En vertu de l'article 61a de la Constitution fédérale, la Confédération et les cantons veillent ensemble, dans le cadre de leurs compétences respectives, à la qualité et à la perméabilité de l'espace suisse de formation. Dans cette logique, le Conseil fédéral et la Conférence suisse des directeurs cantonaux de l'instruction publique (CDIP) se concertent sur la reconnaissance des certificats de maturité (convention administrative du 16 janvier/15 février 1995 entre le Conseil fédéral et la Conférence suisse des directeurs cantonaux de l'instruction publique - CDIP - sur la reconnaissance des certificats de maturité). En tant qu'instance commune de reconnaissance, la Commission suisse de maturité (CSM) est notamment chargée de veiller à ce que les écoles reconnues répondent aux conditions liées à la reconnaissance et se conforment aux exigences minimales posées à cet égard. La base légale est posée dans l'ordonnance du 15 février 1995 sur la reconnaissance des certificats de maturité gymnasiale (ORM). Les plans d'études des gymnases publics se fondent sur le plan d'études cadre adopté par la CDIP en 1994.

Le Conseil fédéral a conscience du problème soulevé par des exigences de qualité différentes et des différences régionales dans la maturité gymnasiale. Le recours à des mesures d'harmonisation et à des standards de qualité aux fins d'une meilleure comparabilité fait actuellement l'objet de diverses études. On mentionnera notamment la récente évaluation de l'ORM (projet Evamar II) qui porte sur les différents aspects de la qualité de la formation gymnasiale relevés dans la motion.
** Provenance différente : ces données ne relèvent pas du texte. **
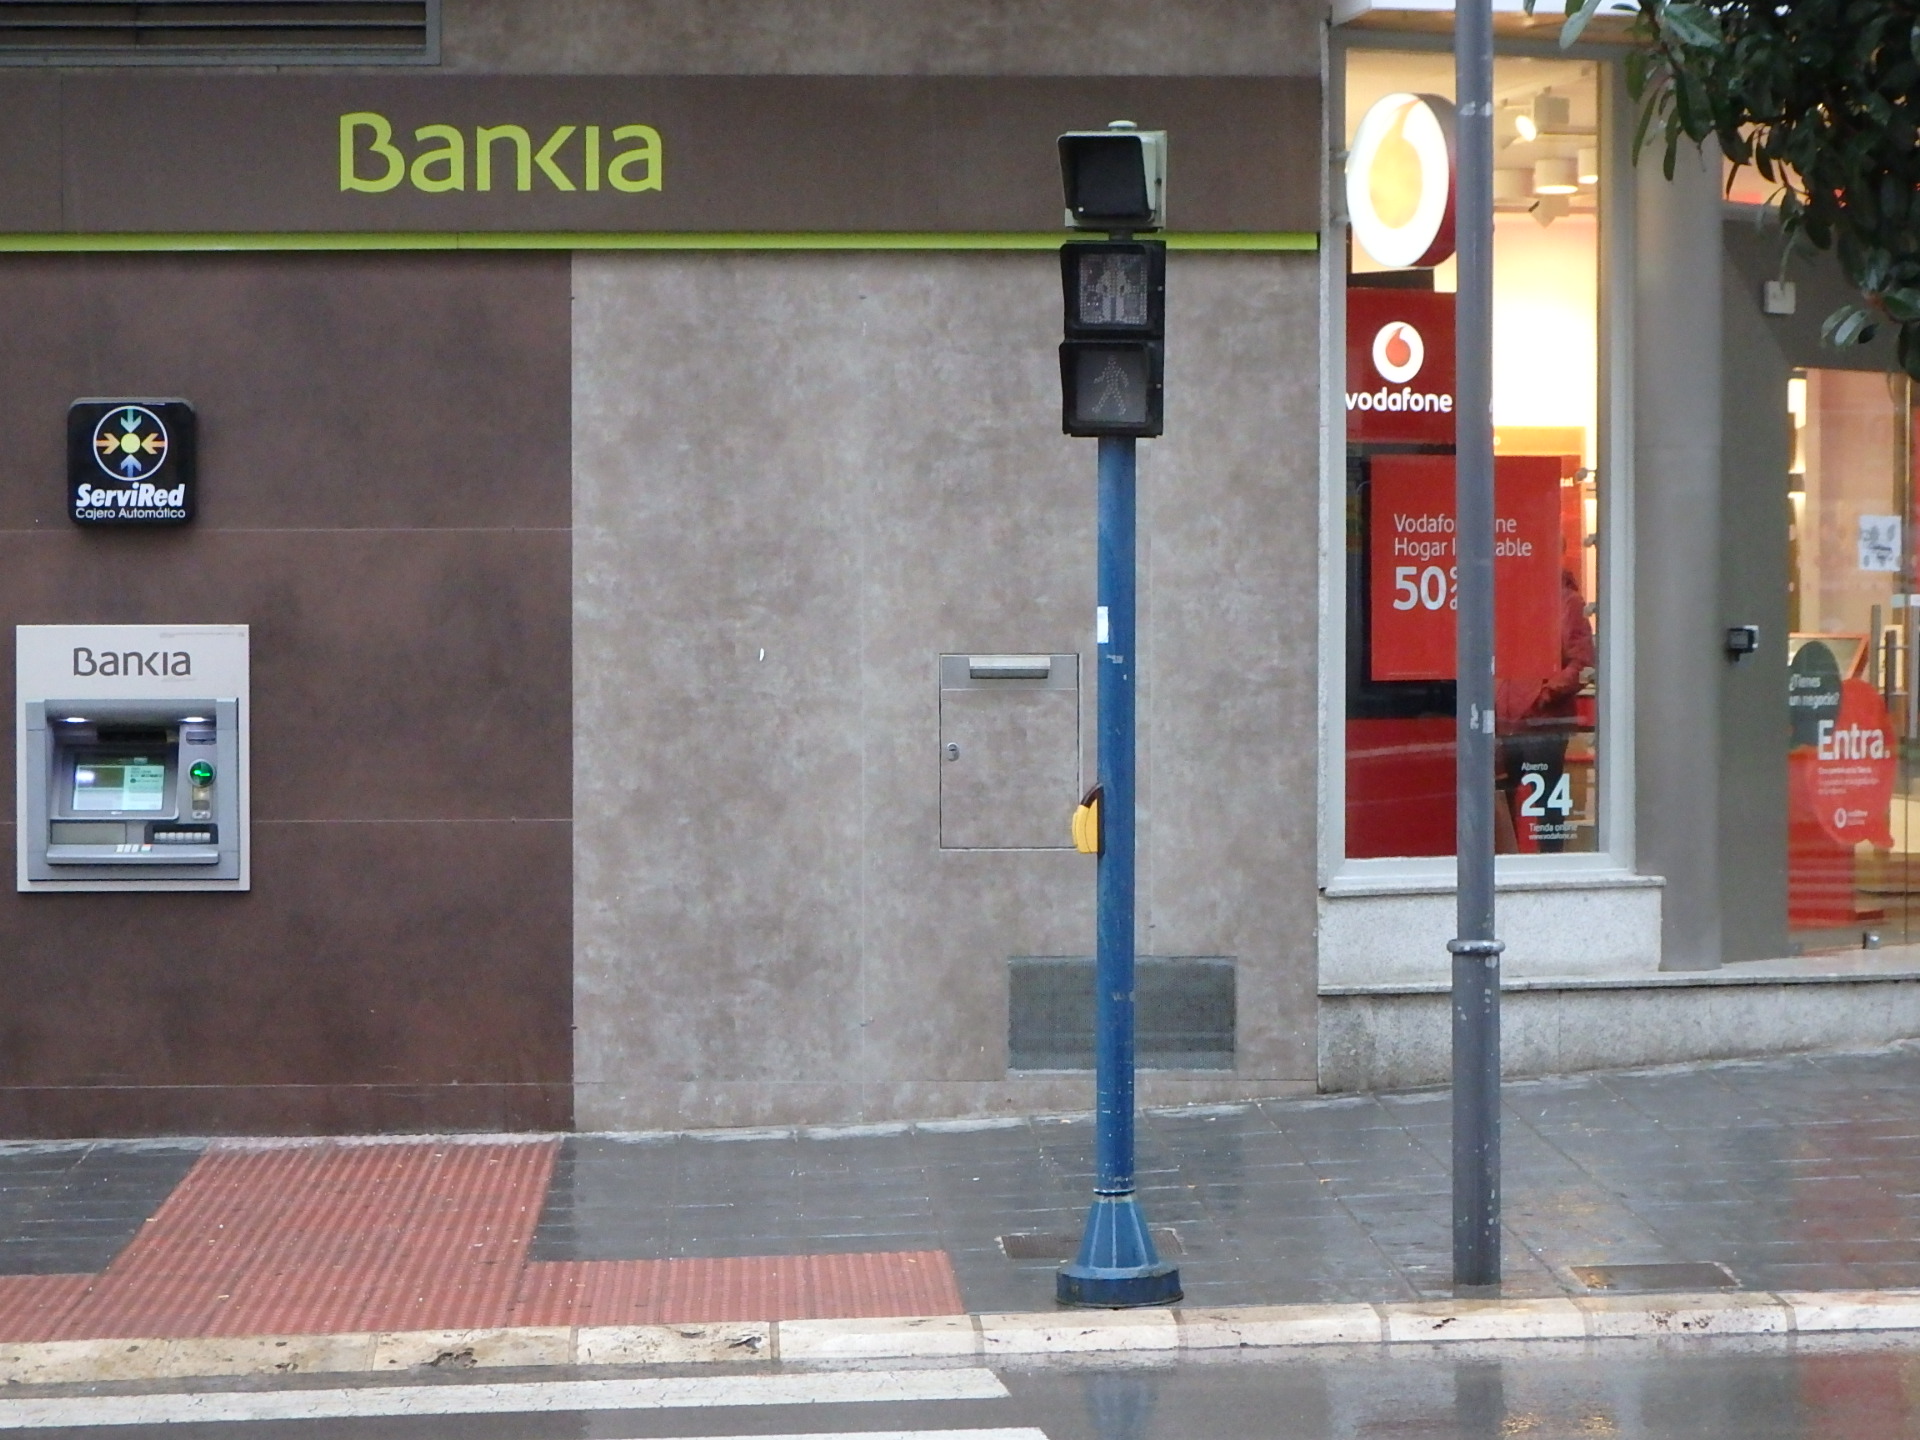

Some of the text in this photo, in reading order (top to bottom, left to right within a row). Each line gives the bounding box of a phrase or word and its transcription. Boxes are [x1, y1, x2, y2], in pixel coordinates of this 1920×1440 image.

[340, 112, 662, 192] Bankia
[1345, 387, 1453, 412] vodafone
[76, 482, 185, 507] ServiRed
[76, 506, 185, 520] Cajero Automático
[1394, 513, 1455, 532] Vodafo
[1395, 537, 1447, 561] Hogar
[73, 647, 191, 676] Bankia
[1818, 720, 1890, 760] Entra.
[1521, 773, 1573, 816] 24
L'évaluation place l'accent sur la capacité des bacheliers à entreprendre des études universitaires.

Le groupe de travail "Plate-forme Gymnase" (PGYM) constitué par la CDIP a pour mission d'assurer le suivi du projet Evamar et des autres projets CDIP en cours dans le domaine de l'enseignement gymnasial et analyse les effets de la réforme de Bologne sur le gymnase. Parallèlement, ce groupe de travail observe d'autres projets d'innovation en cours au niveau cantonal concernant le gymnase et les interfaces avec les autres degrés. PGYM rendra pour la fin 2008 un rapport de synthèse sur ses observations et fera des propositions au comité de la CDIP concernant les objectifs, les champs d'action, les instruments et les formes d'organisation des développements ultérieurs et des mesures de pilotage des études gymnasiales.

La CDIP et le DFI étudieront ces conclusions en 2009 avant de décider de la suite des travaux. En outre, le rapport 2010 que rendra le Centre suisse de coordination pour la recherche en éducation (CSRE) sur l'éducation en Suisse pourra fournir d'autres éléments pour cette discussion.

Le Conseil fédéral estime qu'il n'est pas opportun à l'heure actuelle de demander à la Confédération de prendre des mesures d'harmonisation coordonnées concernant l'examen de maturité. Il ne faut pas anticiper sur les résultats du débat en cours et veiller à éviter des duplications avec les études en cours. Pour ces raisons, le Conseil fédéral propose de rejeter la motion. Il n'en reste pas moins que la réforme de la maturité est un sujet qui lui tient à coeur. C'est pourquoi, si la motion était acceptée par le premier Conseil, le Conseil fédéral demanderait au second Conseil qu'elle soit transformée en mandat d'examen.

Le Conseil fédéral propose de rejeter la motion.